Everything became inevitable, the way people described a car wreck. Why was she still pumping the brake, still turning into the skid of this friendship as if she could make it right?

“Khloe, I …” Her hands curled into the quilt.

“Come on, whatever it is, just tell me.”

“When we were at the church meeting … and I had my phone out … I wasn’t playing pinball.”

Khloe’s forehead furrowed. She crossed the bedroom and sat beside Violet. “Am I supposed to be following right now?”

“I was sending a text. ‘Fifty-six-eighty-two Apple Lane.’”

“Uh … the address? Who would you text the …?” Khloe’s mouth dropped open. Her voice returned as a squeak. “Not the con-cops. You didn’t text the con-cops.”

Violet gulped a breath and steered them both through the guardrail. “I … I did.”

They smashed through and plummeted forever, sitting side by side on Belinda’s guest bed. Then Khloe was on her feet. Shaking. Shouting.

“You did not do this. You did not try to send my father to re-ed.”

“Khloe, I did.”

“You did not.”

Violet doubled over and twisted her hands into the quilt. Her stomach hurt. “I did.”

“No, Violet, no.”

“The church raid happened because of me. Everything’s happened because of me. I wanted him to get help, I wanted all of them to get—”

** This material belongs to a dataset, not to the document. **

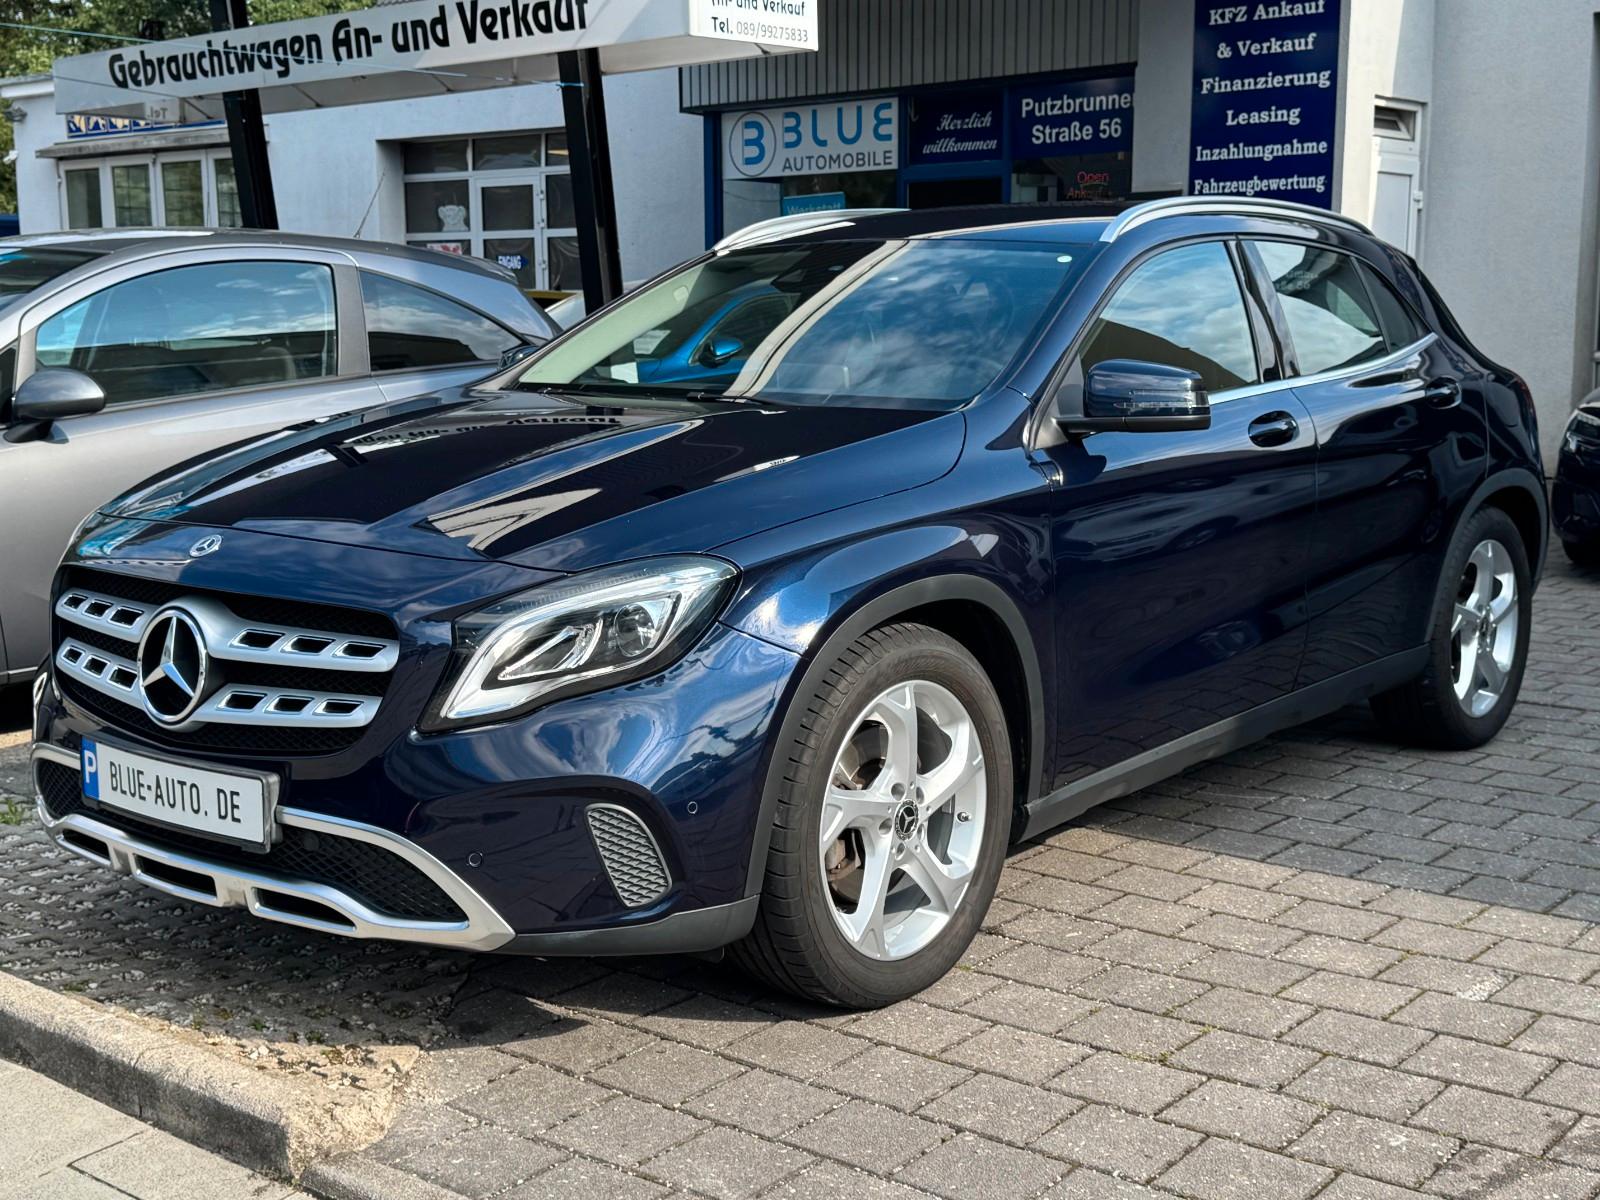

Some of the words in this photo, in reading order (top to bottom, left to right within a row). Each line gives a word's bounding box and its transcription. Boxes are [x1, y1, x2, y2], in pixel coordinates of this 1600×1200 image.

“No!” Khloe closed her eyes.

“I had to do it. Austin said they—”

Khloe stormed into Violet’s space and shoved her. Another few inches back and Violet’s head would have bounced against the wall.

“Austin? You turned my dad in for Austin? You ruined my life for Austin? Were you going to turn Belinda in too, while I was right here sleeping in one of her fugitive-Christian beds?”

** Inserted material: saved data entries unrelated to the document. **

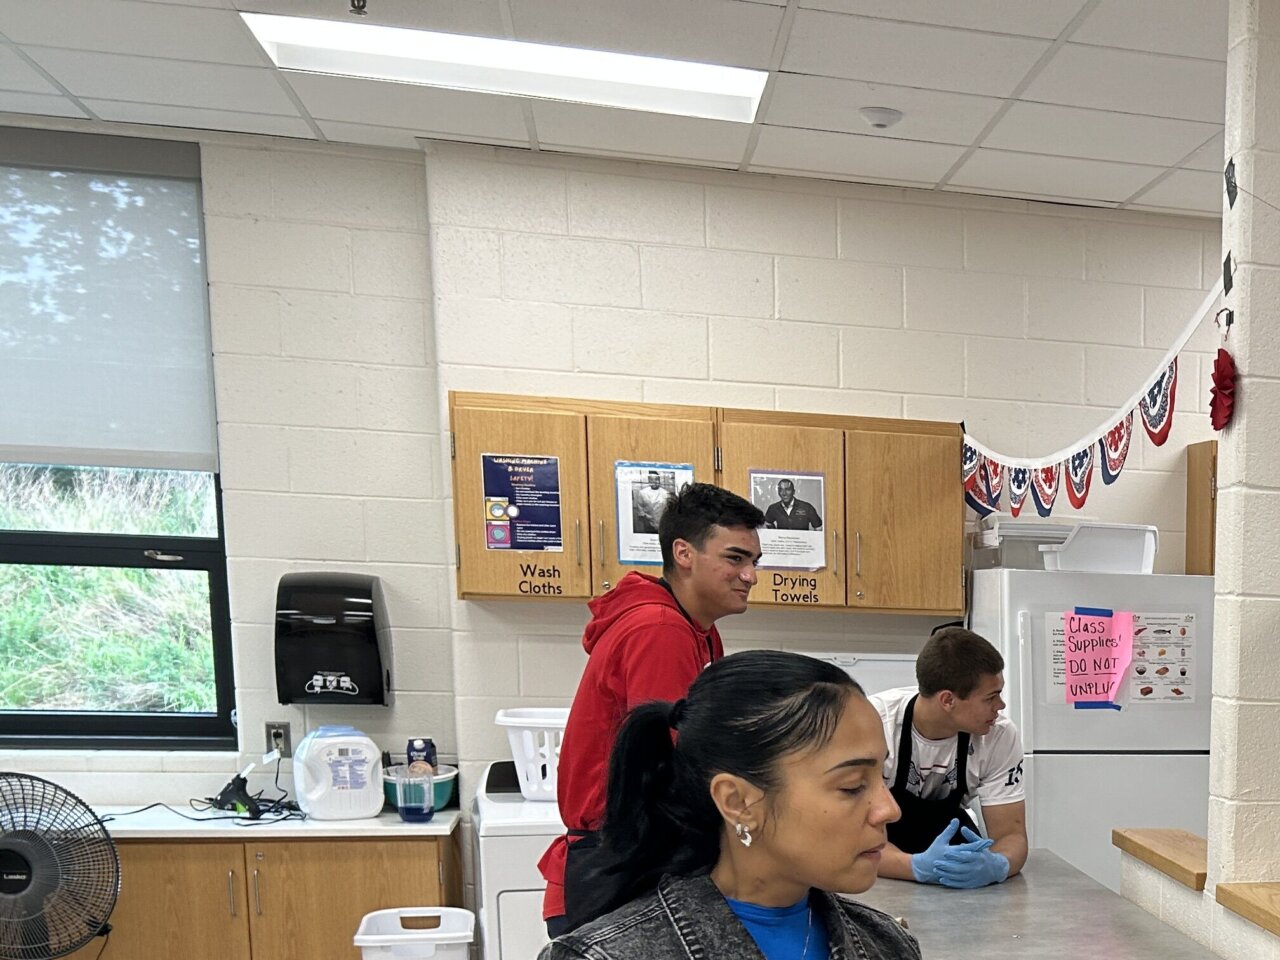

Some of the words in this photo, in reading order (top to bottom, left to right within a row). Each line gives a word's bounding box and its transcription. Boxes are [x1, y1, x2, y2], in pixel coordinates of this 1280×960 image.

[519, 563, 561, 579] Wash
[518, 580, 562, 595] Cloths
[773, 573, 817, 590] Drying
[771, 590, 819, 603] Towels
[1069, 616, 1105, 634] Class
[1069, 658, 1087, 674] DO
[1093, 657, 1120, 671] NOT

Violet sat back up. “Khloe—”

“Were you going to even tell me about it, or just let the con-cops show up and play stupid while they hauled me off to re-ed along with a bunch of strangers!”

Something long simmering boiled up in Violet’s chest. “Shut up. Shut up about you. This isn’t about you, this is about everyone, this is about the whole country. I was trying to help these people, including your dad, and maybe if you end up in re-ed they’ll teach you the world’s bigger than Khloe-with-a-K Hansen.”

Khloe whimpered, and her voice fell to a whisper. “You did know. That I’d go to re-ed. What was I, collateral damage?”

No. Of course not. And yes.

“My gosh, Violet. What kind of friend are you?”

Ten years of sleepovers and secrets and tears and laughter, Khloe’s I-know-you’ll-save-me gaze, a week’s worth of Violet’s clothes stashed in Khloe’s bottom dresser drawer—all of it broke in Violet’s chest, all at once.

Khloe shook her head as if to clear a daydream. “I heard a baby crying earlier, when I was getting dressed.”

“Another fugitive came last night. She had a baby.”

“I’m hungry. I’m going down to eat.”

Khloe, I helped deliver him. He’s so tiny and alive. And I don’t want you to go to re-ed, and I’m starting to feel mixed up, and I think I need help to figure things out. “Belinda makes good pancakes.”

Khloe ambled from the room. Violet shut the door after her and walked back to the bed, smoothly, like water, like Lee. She slid down to the carpet with her back against the bedpost. Her knees drew into her chest. Tears clogged her throat, not because she hurt but because she should. And didn’t.